No injuries. This means training smart. I have to keep cross training. Yoga will keep me stretchy, and pump will hopefully keep me strong. If I’m hurting, I need to deal with it right away rather than hope it gets better by itself. I need to foam roll, ice, and sleep.
Run with others. At least 5 of these 63 runs I want to run with a running buddy or group. I always run alone. People are always yapping about how running with other people is cool, so I want to try it. I think giving it at least 5 runs is a good way to see if I actually like it.
Run early. I’m not a morning person. At all. I love staying up late, and I hate getting up early. I want to run at least 5 runs in the morning. Who knows, maybe I’ll fall in love with it and become a morning runner!
Enter races. I want to enter at least 5 races along the way. They could just be one of the 5km races that are held around the city every week, or a longer 10km run somewhere, but I want to get at least a bit of experience running in more of a race setting.
I’ve already got myself lined up for a 10km in Levin in 10 weeks, and I’m thinking of doing Pencarrow (10km) too. Originally, I was going to run Pencarrow in May (13 weeks away), then train for the Auckland ½. Now I’m accidentlally running a ½ just 7 weeks after I was going to run that 10k. Oops.
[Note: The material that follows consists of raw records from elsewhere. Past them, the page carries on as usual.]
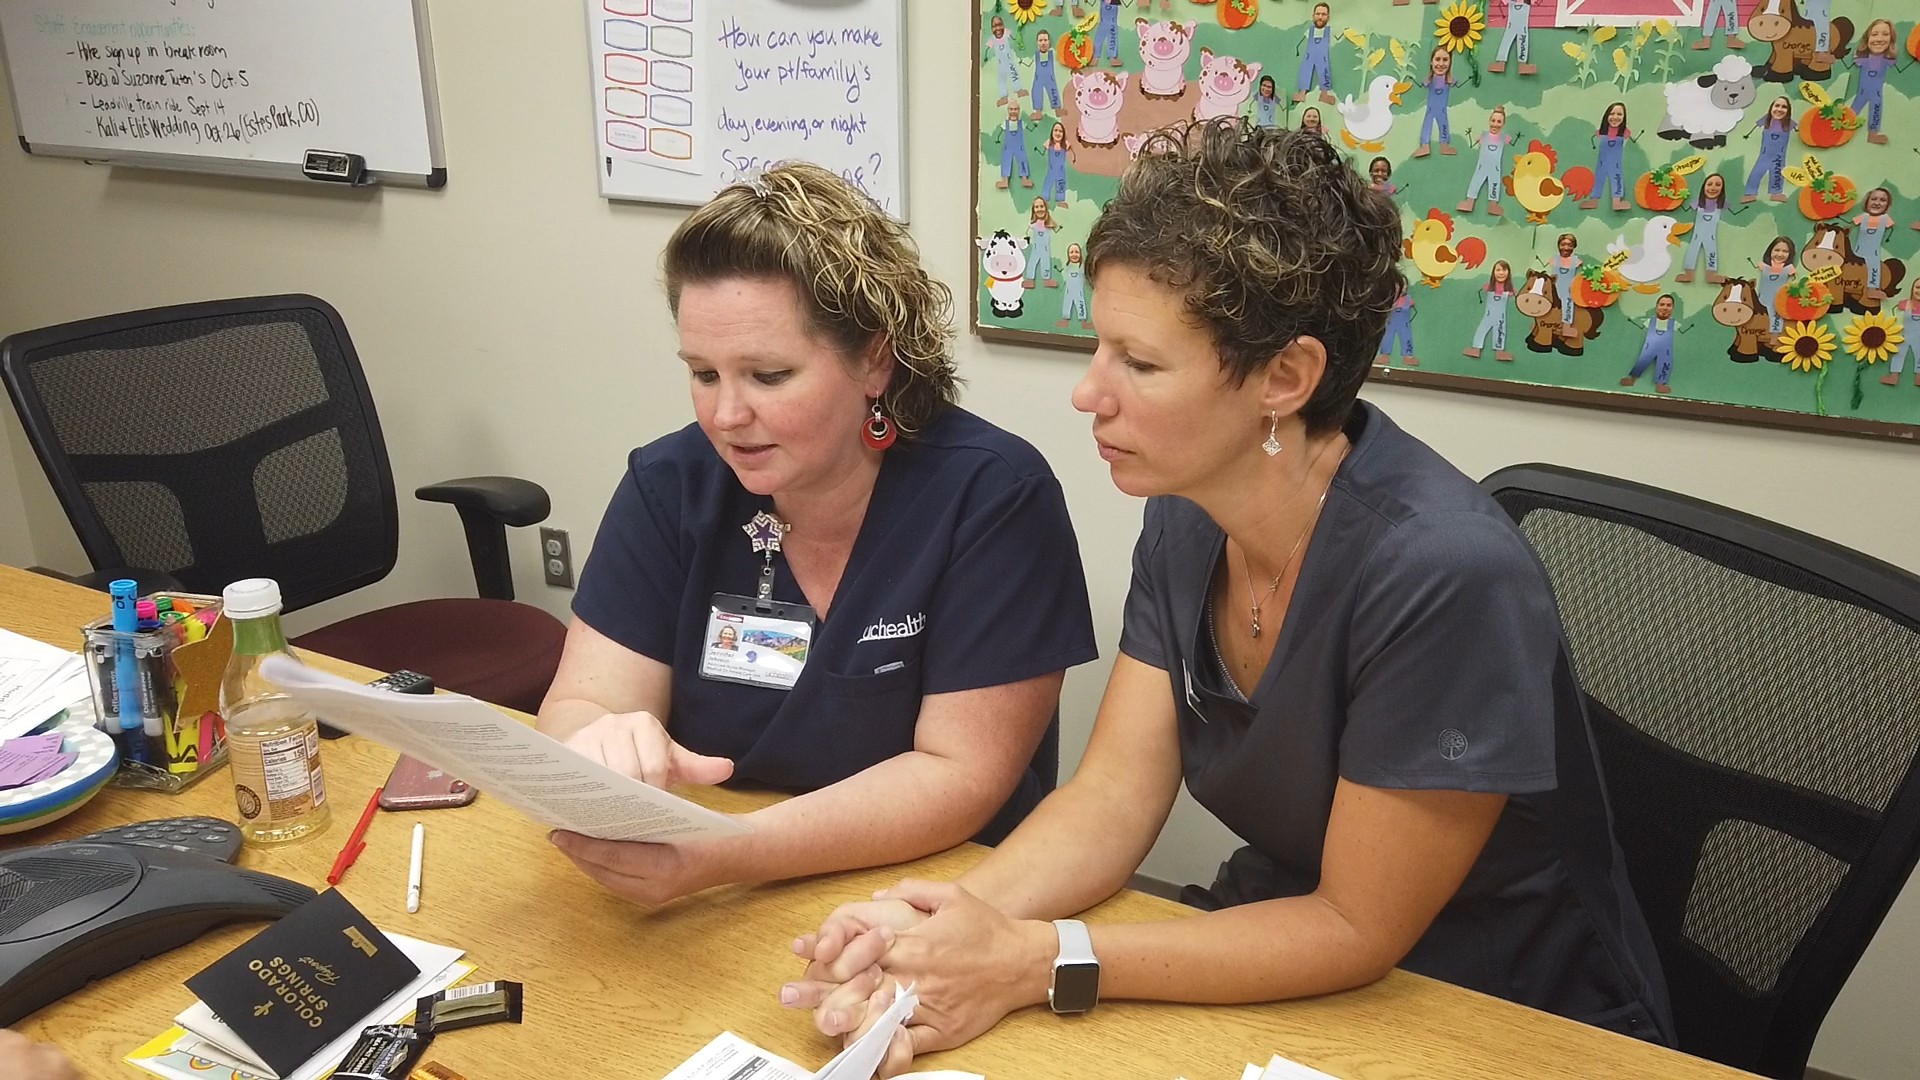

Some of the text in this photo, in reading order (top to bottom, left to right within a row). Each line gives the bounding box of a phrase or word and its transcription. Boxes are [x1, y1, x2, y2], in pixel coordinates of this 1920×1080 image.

[718, 15, 882, 58] How can you make
[1782, 40, 1812, 55] Charge
[147, 46, 158, 57] in
[86, 70, 109, 87] BBQ
[238, 70, 250, 87] 5
[136, 93, 160, 109] train
[164, 98, 182, 112] ride
[187, 96, 211, 117] Sept
[214, 99, 225, 115] 14
[149, 115, 200, 144] Wedding
[831, 111, 867, 145] night
[1835, 276, 1863, 290] Charge
[860, 611, 926, 642] uchealth
[264, 756, 287, 765] Calories
[248, 959, 323, 1028] COLORADO
[269, 956, 329, 1011] SPRINGS
I still want to run Pencarrow, but it’s 10k and my training program says run 12.8km on that day. Can I just do another 2.8k earlier or later? Does it all have to be in 1 go? These are all questions I don’t know the answer to, but I guess I should find out.
Have fun. I’m not doing this because I want to torture myself, I’m doing this because I want running to be fun. I want to be one of those people who seem to be able to run effortlessly – you know, the ones you secretly (or not so secretly) hate. I want to be able to exercise even when I’m on holiday just by taking a pair of shoes with me. I want to remember when I’m 19km into the ½ that I’m actually doing this because I want to – and the only way it’s going to be enjoyable is if I do the training and go into it prepared and fit.
Keep running. I don’t want this to be my one go at racing. I want to run another ½ marathon (Auckland) later this year, and I might even consider doing a full marathon in 2014, or if not, at least continue running 1/2s.